WTI Crude Bet
We at Mansfield like to have a bit of fun. A few weeks ago, Mansfield’s supply and marketing teams put together a fun bet on crude prices: “Will WTI crude hit $60 or $80 first?” The bet began weeks ago when crude had just surpassed $70. The team is fairly evenly split – half say $60, half say $80! It came close two weeks ago, with crude dropping to $64, but with crude pushing $75 this morning we’ve apparently come full circle. What do you think? Will crude hit $60 next, or $80?
We’ll share the results on how you voted tomorrow – as well as how the FUELSNews writing staff (Madi Burton and I) both voted. Check back tomorrow!
Today’s Market Trends
After relatively little movement this morning, prices are trending downward this morning in reaction to the weekly EIA’s oil market data. While WTI crude closed above $74/bbl on Tuesday, this morning prices are in much lower territory. WTI crude is currently trading at $73.11, $1.03 below Tuesday’s closing price and just $4.36 below international Brent crude oil prices.
Fuel prices have so far remained in the green, though market forces could pressure them to fall lower in connection with crude. Diesel and gasoline both closed Tuesday with small gains of roughly a penny. Today, diesel prices are trading at $2.1732, up 0.9 cents despite a small inventory build. Gasoline prices are $2.1220, a gain of 0.4 cents since Tuesday.
Iran Threatens to Torpedo Global Oil Trade
Yesterday Iran threatened to block oil exports from the Strait of Hormuz, a narrow passageway out of the Persian Gulf through which 20% of all global oil flows (18.5 million barrels per day in 2016). Iran has threatened the strait before, typically in response to sanctions on their oil exports. The latest threat comes as the U.S. State Department is pressuring countries to cut off trade with Iran. American officers have noted that the U.S. Navy is prepared to maintain free-flow of goods through the area, which the EIA identifies as the world’s most important chokepoint.
EIA Report Shows Inventory Builds
The EIA released their inventory data this morning, delayed due to Independence Day. The results were underwhelming for markets – crude inventories rose slightly, contradicting market expectations for a fairly large draw. Gasoline saw a modest 1.5 million barrel draw, while diesel inventories posted meager gains. Refinery utilization decreased slightly this week, from the record high 97.5% reported last week down to 97.1%.

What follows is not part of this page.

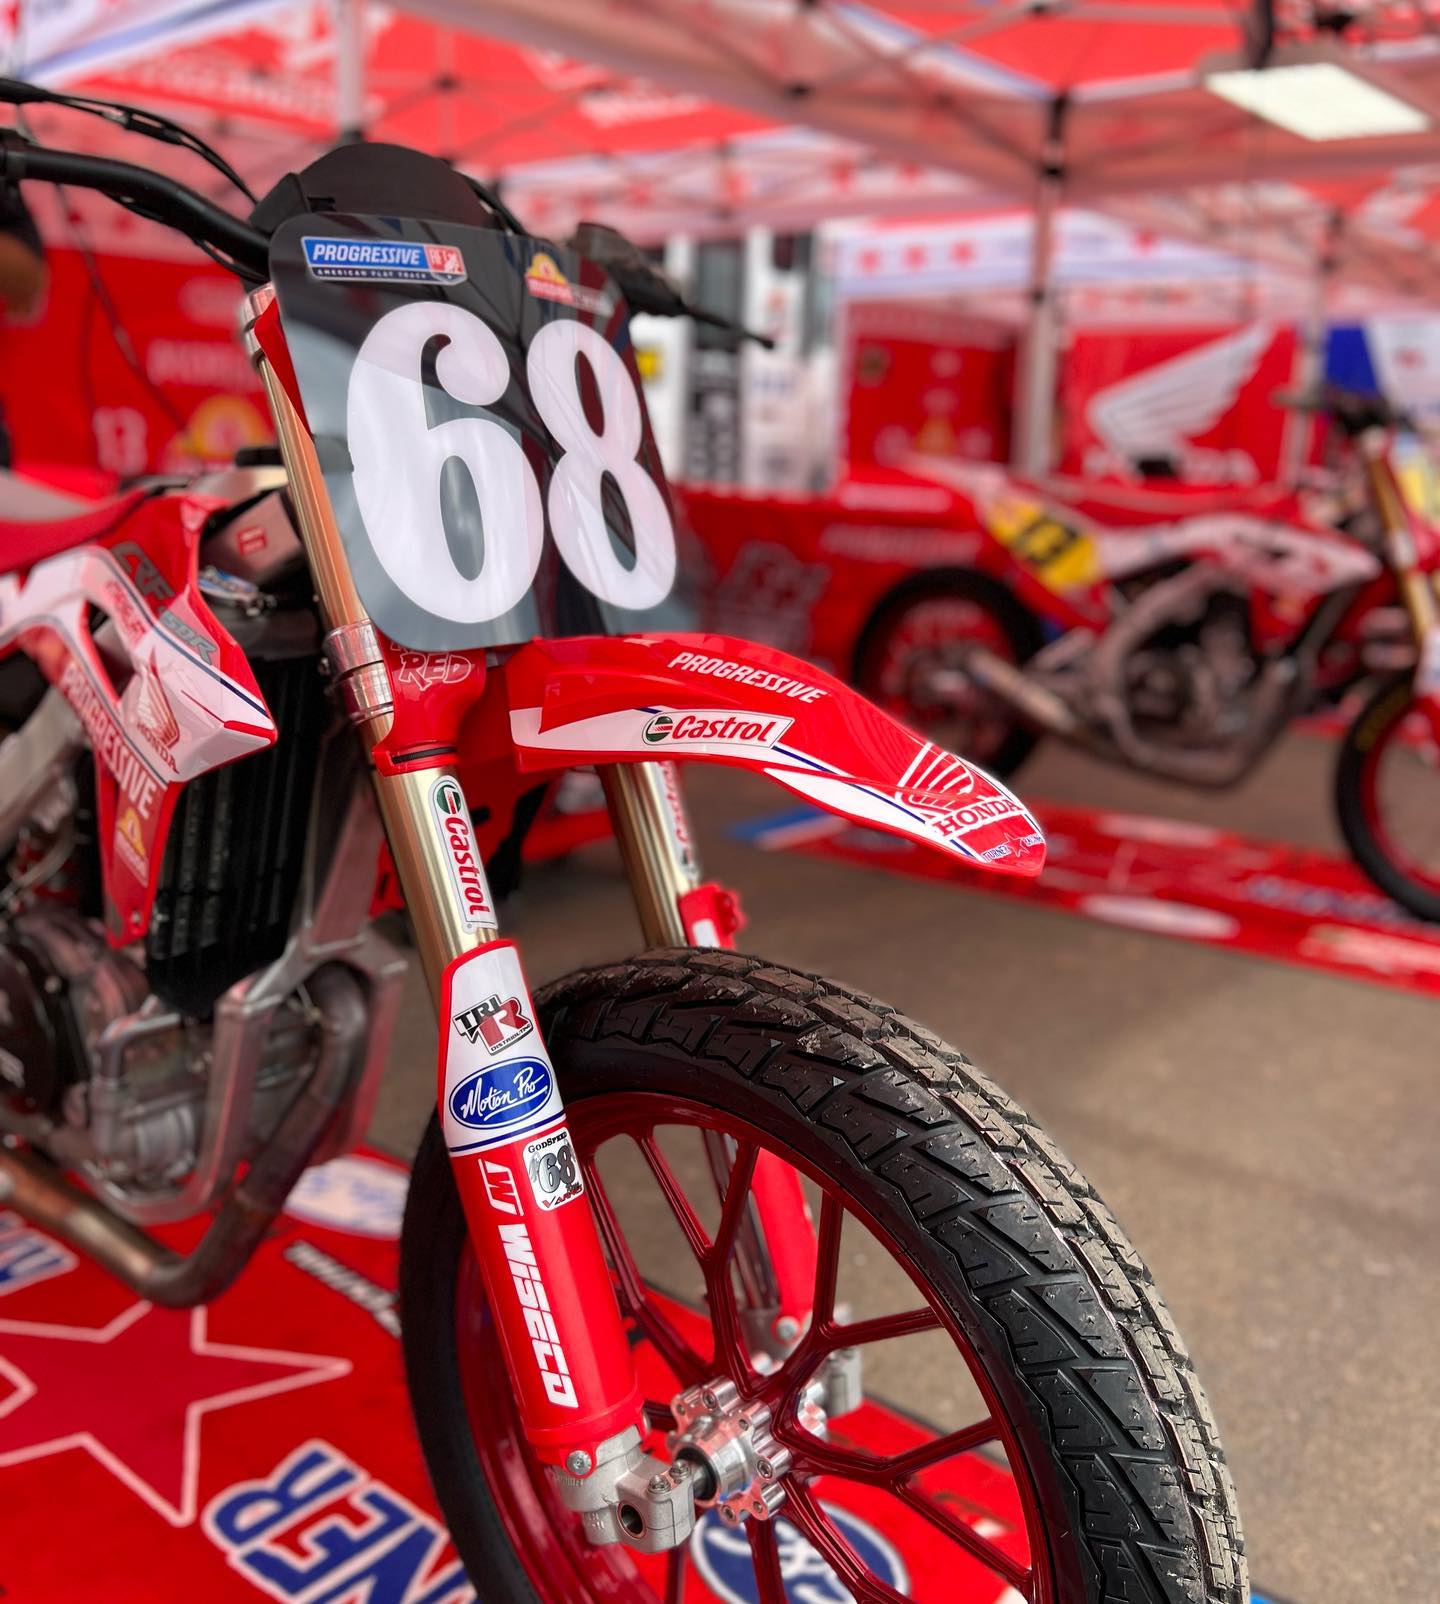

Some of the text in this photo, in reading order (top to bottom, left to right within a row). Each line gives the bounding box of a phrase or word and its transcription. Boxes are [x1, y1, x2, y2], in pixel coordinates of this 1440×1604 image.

Crude imports rose by 700 kbpd this past week, while crude exports fell 660 kbpd week over week. Last we noted that exports reached a record 3 million barrels per day – those record levels did not last long. Last week’s data reflected two factors that have changed since then:
- Weather. Bad weather in the Gulf Coast two weeks ago prevented import vessels from docking and offloading their supplies. As weather conditions improved, product that should have been delivered two weeks ago was delivered this past week. This week’s data is a great example of how physical conditions can have an impact on oil prices and market sentiment.
- Brent-WTI Spreads. Just weeks ago, American WTI crude oil was trading at a $9-$11 discount to international Brent prices. With American oil so cheap, traders were buying it up and exporting it to other countries at higher prices. Spreads have collapsed over the past week to the $4-$5 range, making exports less favorable.